> _TO DO_:
This exercise requires an exact output of the listing, images omitted.
★ ★ ★ ★ ★ ★ ★
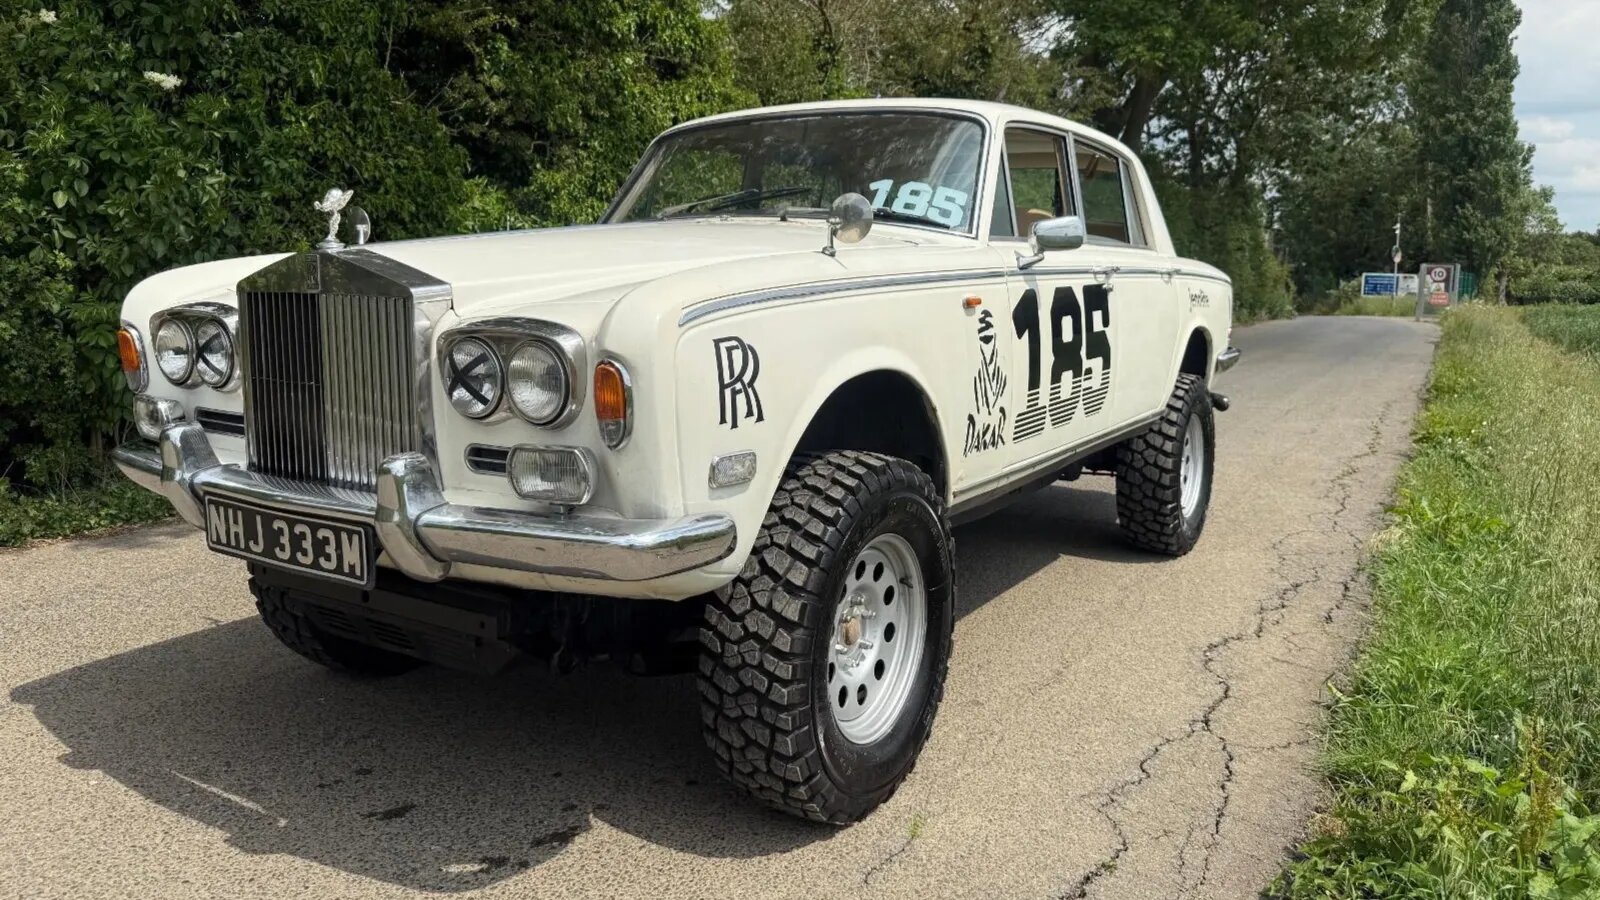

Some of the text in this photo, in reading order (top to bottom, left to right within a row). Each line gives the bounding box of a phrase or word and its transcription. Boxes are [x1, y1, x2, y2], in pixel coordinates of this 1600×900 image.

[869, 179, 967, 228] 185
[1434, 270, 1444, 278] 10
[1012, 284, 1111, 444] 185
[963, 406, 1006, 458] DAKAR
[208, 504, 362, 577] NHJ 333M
★ ★ ★ ★ ★ ★ ★
> _RESULT BELOW_:
Some of the text in this photo, in reading order (top to bottom, left to right within a row). Each line gives the bounding box of a phrase or word and its transcription. Boxes are [x1, y1, x2, y2], in pixel coordinates of this 1600×900 image.

[869, 179, 967, 228] 185
[1434, 270, 1444, 278] 10
[1012, 284, 1111, 444] 185
[963, 406, 1006, 458] DAKAR
[208, 504, 362, 577] NHJ 333M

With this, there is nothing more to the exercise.